Not a salami, but oh so good.  My latest adventures have taken me down the dark path of Offal, using veal or beef liver, heart and tongue, combined with pork fat, usually trim from pork bellies and a healthy dose of herbs and spices.

Liverwurst is interesting, taking otherwise unused parts and making them into something quite delicious.  Face it, liver is not everyone’s favorite meal.  So far with my home made liverwurst there have been at least 10 people that started out saying “no way, liverwurst, that’s gross” and all of them have enjoyed it after a taste.

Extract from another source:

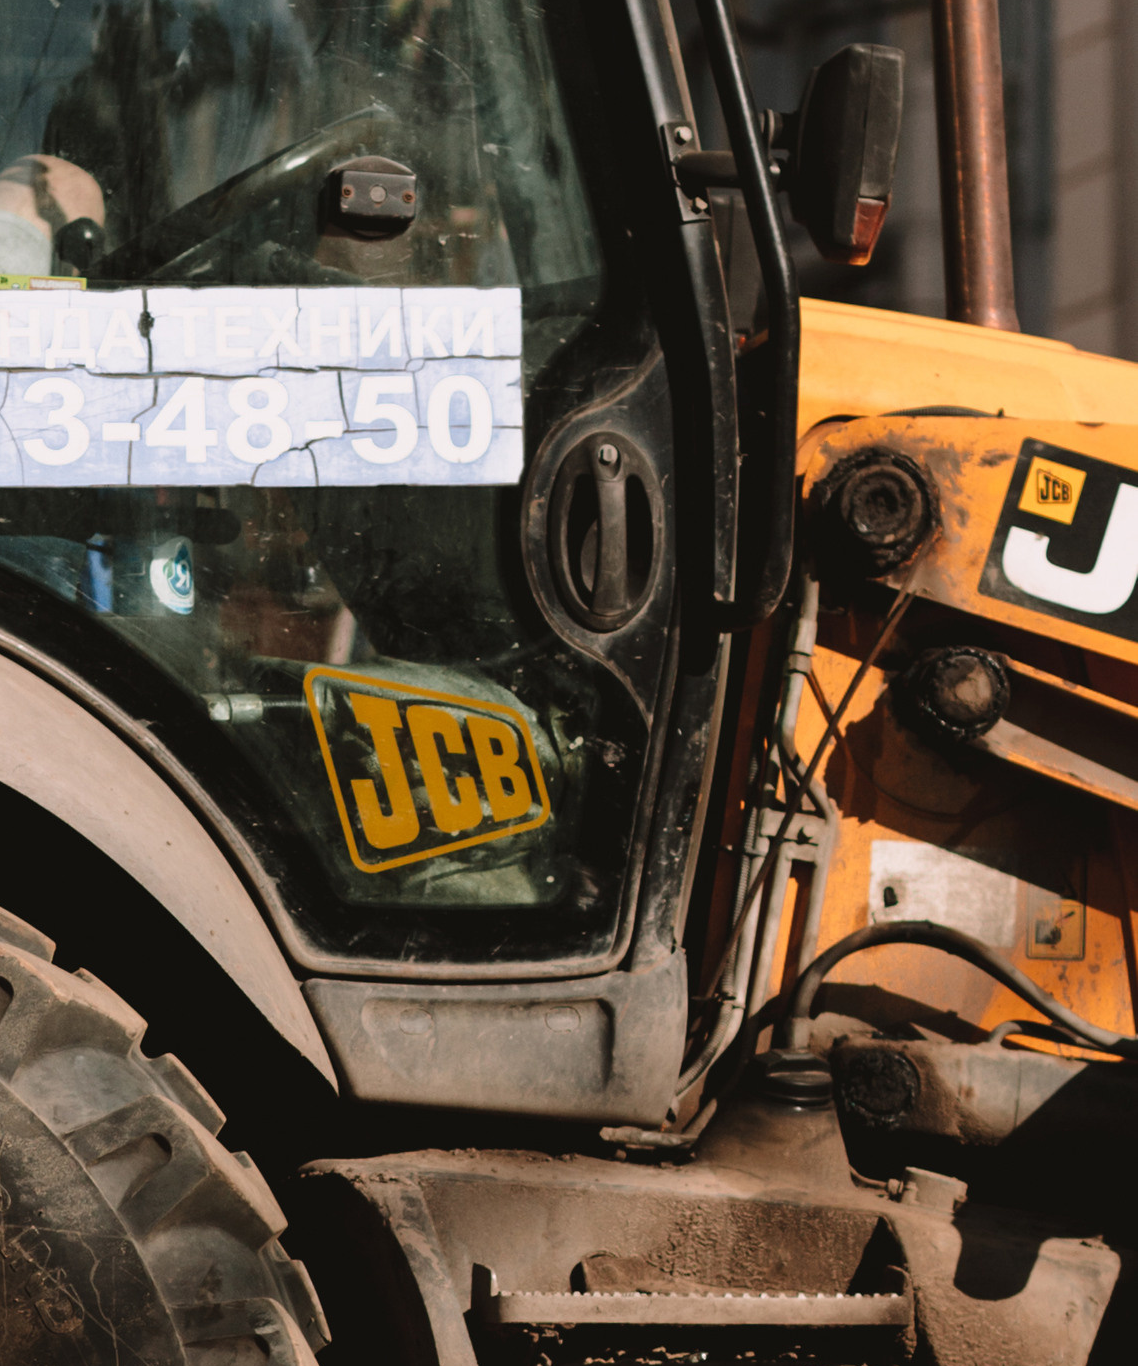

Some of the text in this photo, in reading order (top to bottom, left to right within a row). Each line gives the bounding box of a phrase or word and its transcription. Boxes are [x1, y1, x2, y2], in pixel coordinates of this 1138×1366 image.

[168, 305, 495, 358] ТЕХНИКИ
[1039, 473, 1070, 501] JCB
[348, 691, 533, 850] JCB

One change I made is that I’m using the Sous Vide machine to poach it.  I don’t know if that makes a big difference but leaving it exactly at the desired temperature of 145 for a period of time seems to help the pork fat emulsify evenly and it doesn’t get the liver overcooked.  who knows but it works.

Today’s batch is courtesy of my friend Sean Karl who I helped butcher an angus steer on Saturday.  This batch is all liver, heart and tongue from that steer, plus some port trim from my bacon.

The spice mixture includes grated and cooked onion, Cardamom, Marjoram,  mace, nutmeg, garlic powder, salt, sugar, coriander, black pepper and cure #1.  to me the nutmeg is the real key.

This batch I also ground the heart and tongue a little finer, last batch was a more chunky style.  I’ll keep you posted on how it comes out!